Le nouveau siècle et ses nouveautés
Les choses n’ont commencé à changer que vers 2000, avec la prolifération de l’accès aux informations sur la santé via Internet. Aujourd’hui, le coût de l’accès à la nourriture et aux salles de sport de la meilleure qualité, ainsi qu’aux meilleures informations sur la manière de les utiliser, a grimpé en flèche. En conséquence, le privilège se traduit par des silhouettes présentant un faible taux de graisse corporelle qui mettent en valeur des muscles formés, par le loisir de se permettre de longues séances d’entraînement dans des salles de sport coûteuses, par des régimes alimentaires élaborés par des coachs et des entraîneurs, par des bronzages qui évoquent les voyages et par des vêtements ajustés et coûteux qui accentuent ces avantages. Le plus grand changement d’attitude, cependant, s’est produit à l’égard de la musculature.
La notion de musculature a été réintroduite dans le monde au milieu du 16e siècle, avec la découverte de ce que l’on a appelé l’Hercule de Farnèse, une copie romaine d’une sculpture grecque antique. Mais son influence a été extrêmement limitée jusqu’à l’époque actuelle. Ce n’est qu’après le démantèlement des mythes entourant le muscle, à savoir qu’il contribuait aux maladies cardiaques, qu’il rendait lent et inflexible, et qu’il n’était pas produit par l’entraînement mais était plutôt un signe donné par Dieu à une caste inférieure, que le muscle est devenu un signe de santé et de prospérité.
Curieusement, le dépérissement des stéréotypes de genre a été un filtre tout aussi puissant pour changer la perception du corps masculin. À mesure que le dénigrement de l’homosexualité s’est atténué, les corps masculins ont été de plus en plus sexualisés – et l’attention portée par les hommes à leur apparence est devenue acceptable. Toutes les formes d’automodelage masculin – de la musculation à l’extravagance vestimentaire en passant par le toilettage – sont devenues non seulement socialement acceptées, mais aussi attendues.
Polykleitos, Doryphoros, vers 440 avant J.-C.

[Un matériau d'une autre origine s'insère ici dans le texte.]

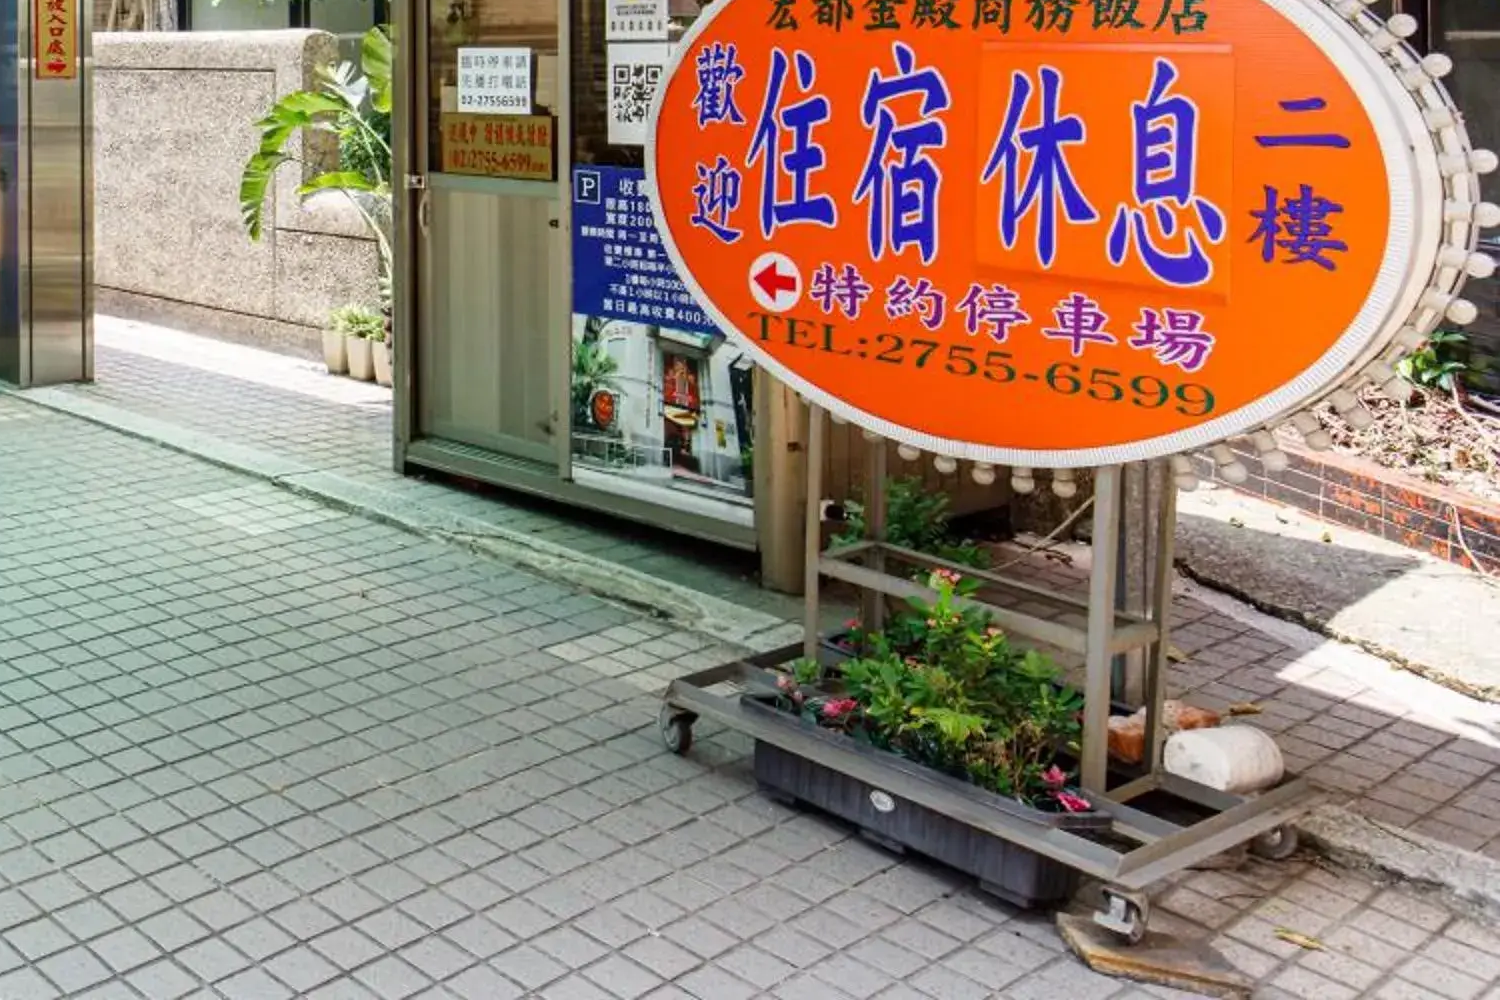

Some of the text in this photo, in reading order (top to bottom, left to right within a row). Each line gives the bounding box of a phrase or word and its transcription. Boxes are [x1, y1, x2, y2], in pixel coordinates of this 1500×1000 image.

Avec d’autres statues de guerriers-athlètes de la Grèce antique, le Doryphore, ou « Porte-lance », a établi une norme de beauté masculine qui perdure aujourd’hui en Occident : le mésomorphe musclé et athlétique. Bien que répandu dans l’art – du David de Michel-Ange (1501-1504) aux sculptures fascistes d’Arno Breker – le physique représenté était considéré comme inaccessible jusqu’à très récemment.

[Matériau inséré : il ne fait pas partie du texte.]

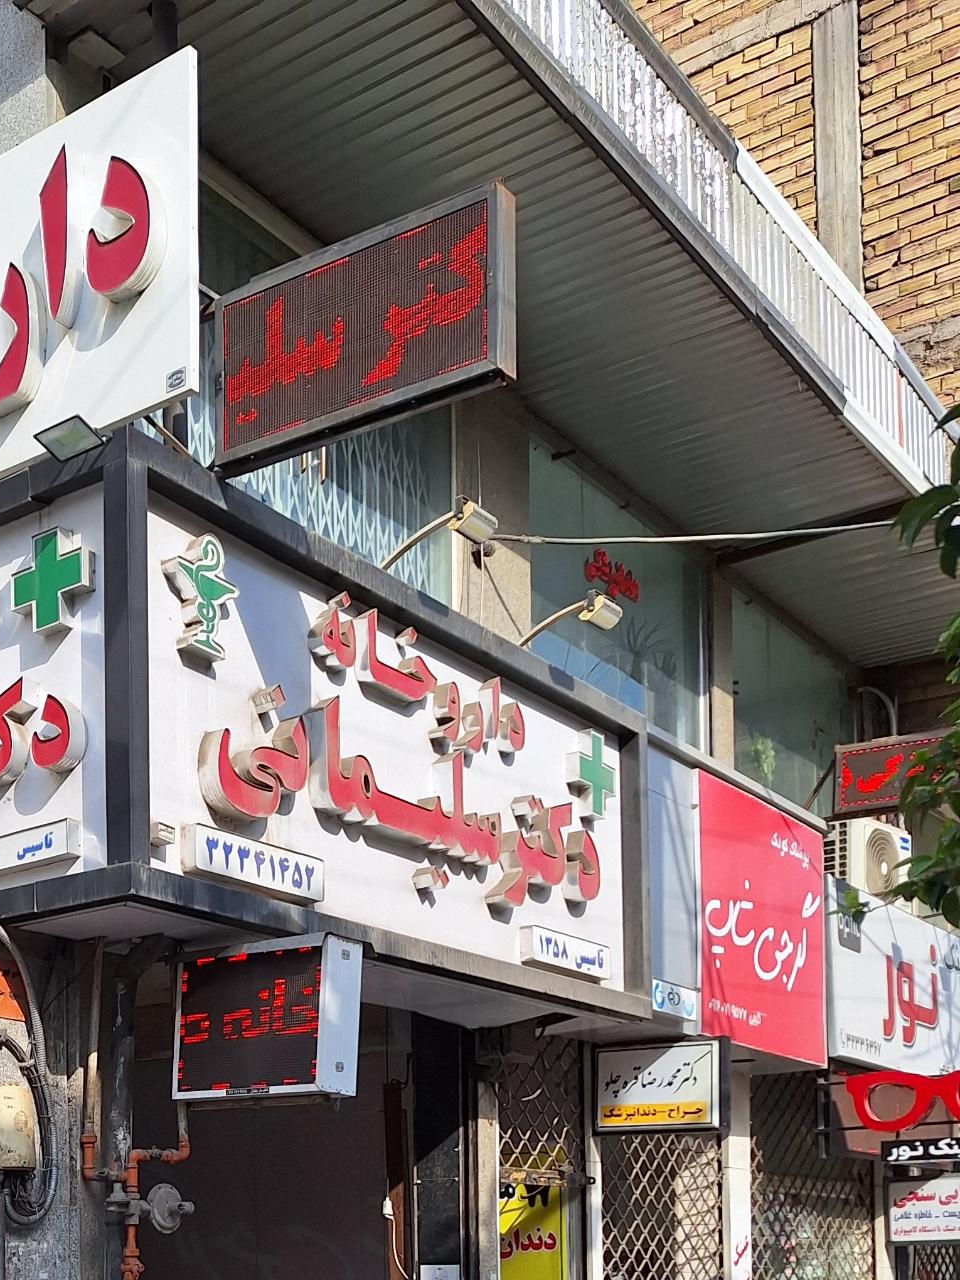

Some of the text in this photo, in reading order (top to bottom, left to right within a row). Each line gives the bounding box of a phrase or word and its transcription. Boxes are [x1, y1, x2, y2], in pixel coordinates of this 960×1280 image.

[314, 591, 526, 755] داروخانه
[202, 684, 602, 908] دکتر سلیمانی
[205, 835, 315, 892] ۳۲۳۴۱۴۵۲
[539, 933, 569, 960] ۱۳۵۸
[882, 943, 939, 1047] نور
[886, 1137, 960, 1161] ینک نور

Aristocrates chinois, fin de la dynastie Han, 25-220 après J.-C.
Dans les paradigmes traditionnels chinois de la masculinité, le concept de wen (réussite littéraire et culturelle) est indissociable de celui de wu (acuité physique et martiale). Néanmoins, le wen a été considéré comme plus élitiste et a prédominé depuis au moins le milieu de la dynastie Han. La valeur de l’immobilité l’emportait sur celle de l’action, tandis que l’activité physique était considérée comme peu courtoise.
Andrea di Bartolo, La Crucifixion [verso], 1415
L’avènement du christianisme à la fin de l’Antiquité a vu une valorisation des valeurs spirituelles par rapport aux valeurs mondaines. L’émaciation signifiait un dénigrement pieux de la chair, et les rigueurs pour y parvenir faisaient du dévot un « athlète pour le Christ ». Cette esthétique du dépouillement et de l’altérité revient de manière cyclique, apparaissant par exemple chez les hippies dans les années 1960 et dans le chic de l’héroïne au début des années 1990.